- _Records supplied_
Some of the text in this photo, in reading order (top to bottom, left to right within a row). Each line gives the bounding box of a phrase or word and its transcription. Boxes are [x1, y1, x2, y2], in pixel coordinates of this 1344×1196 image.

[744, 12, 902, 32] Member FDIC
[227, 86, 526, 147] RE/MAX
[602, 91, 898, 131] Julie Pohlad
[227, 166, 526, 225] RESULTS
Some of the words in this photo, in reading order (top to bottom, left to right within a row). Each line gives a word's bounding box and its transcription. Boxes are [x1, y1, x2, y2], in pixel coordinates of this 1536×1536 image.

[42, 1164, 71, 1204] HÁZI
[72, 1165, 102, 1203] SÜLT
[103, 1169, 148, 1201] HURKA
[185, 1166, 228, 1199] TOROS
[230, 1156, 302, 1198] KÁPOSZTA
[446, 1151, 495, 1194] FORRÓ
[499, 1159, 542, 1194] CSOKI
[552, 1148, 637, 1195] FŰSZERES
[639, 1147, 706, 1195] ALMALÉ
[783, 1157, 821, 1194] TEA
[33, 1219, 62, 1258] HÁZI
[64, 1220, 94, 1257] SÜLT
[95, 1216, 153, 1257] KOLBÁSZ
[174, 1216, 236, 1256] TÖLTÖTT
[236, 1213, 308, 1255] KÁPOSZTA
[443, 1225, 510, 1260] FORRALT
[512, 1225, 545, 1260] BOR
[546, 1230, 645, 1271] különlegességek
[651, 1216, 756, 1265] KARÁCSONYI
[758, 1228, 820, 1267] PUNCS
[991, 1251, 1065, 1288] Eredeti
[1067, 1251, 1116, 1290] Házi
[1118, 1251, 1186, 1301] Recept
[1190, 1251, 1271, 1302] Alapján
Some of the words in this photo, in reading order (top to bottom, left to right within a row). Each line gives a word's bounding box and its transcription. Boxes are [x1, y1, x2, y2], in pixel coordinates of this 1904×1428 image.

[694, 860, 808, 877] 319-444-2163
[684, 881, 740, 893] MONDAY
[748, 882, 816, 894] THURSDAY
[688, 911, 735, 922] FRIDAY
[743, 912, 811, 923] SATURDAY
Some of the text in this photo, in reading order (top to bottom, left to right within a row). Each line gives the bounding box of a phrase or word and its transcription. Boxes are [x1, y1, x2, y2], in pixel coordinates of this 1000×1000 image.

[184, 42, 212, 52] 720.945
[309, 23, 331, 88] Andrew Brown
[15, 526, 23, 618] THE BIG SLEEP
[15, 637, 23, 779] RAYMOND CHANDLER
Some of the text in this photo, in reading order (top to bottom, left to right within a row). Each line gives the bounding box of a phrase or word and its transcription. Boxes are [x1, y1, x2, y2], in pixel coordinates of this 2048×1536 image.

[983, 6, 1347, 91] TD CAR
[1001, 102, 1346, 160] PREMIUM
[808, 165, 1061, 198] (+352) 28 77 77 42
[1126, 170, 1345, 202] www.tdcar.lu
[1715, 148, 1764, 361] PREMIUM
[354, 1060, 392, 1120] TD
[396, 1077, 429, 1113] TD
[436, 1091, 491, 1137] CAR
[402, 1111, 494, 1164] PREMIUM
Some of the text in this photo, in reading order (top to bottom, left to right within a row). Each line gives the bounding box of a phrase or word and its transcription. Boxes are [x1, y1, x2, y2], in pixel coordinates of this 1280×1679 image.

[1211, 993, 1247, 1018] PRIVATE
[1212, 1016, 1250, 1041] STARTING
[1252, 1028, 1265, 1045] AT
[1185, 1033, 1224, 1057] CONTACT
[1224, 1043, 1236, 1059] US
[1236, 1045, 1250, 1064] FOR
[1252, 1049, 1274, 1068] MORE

- _Aim of the exercise_
All that the answer may hold is the lines from the one with "this 2048×1536 image." through the end of the data, set down exactly as they appear.

- _Final answer_
Some of the text in this photo, in reading order (top to bottom, left to right within a row). Each line gives the bounding box of a phrase or word and its transcription. Boxes are [x1, y1, x2, y2], in pixel coordinates of this 2048×1536 image.

[983, 6, 1347, 91] TD CAR
[1001, 102, 1346, 160] PREMIUM
[808, 165, 1061, 198] (+352) 28 77 77 42
[1126, 170, 1345, 202] www.tdcar.lu
[1715, 148, 1764, 361] PREMIUM
[354, 1060, 392, 1120] TD
[396, 1077, 429, 1113] TD
[436, 1091, 491, 1137] CAR
[402, 1111, 494, 1164] PREMIUM
Some of the text in this photo, in reading order (top to bottom, left to right within a row). Each line gives the bounding box of a phrase or word and its transcription. Boxes are [x1, y1, x2, y2], in pixel coordinates of this 1280×1679 image.

[1211, 993, 1247, 1018] PRIVATE
[1212, 1016, 1250, 1041] STARTING
[1252, 1028, 1265, 1045] AT
[1185, 1033, 1224, 1057] CONTACT
[1224, 1043, 1236, 1059] US
[1236, 1045, 1250, 1064] FOR
[1252, 1049, 1274, 1068] MORE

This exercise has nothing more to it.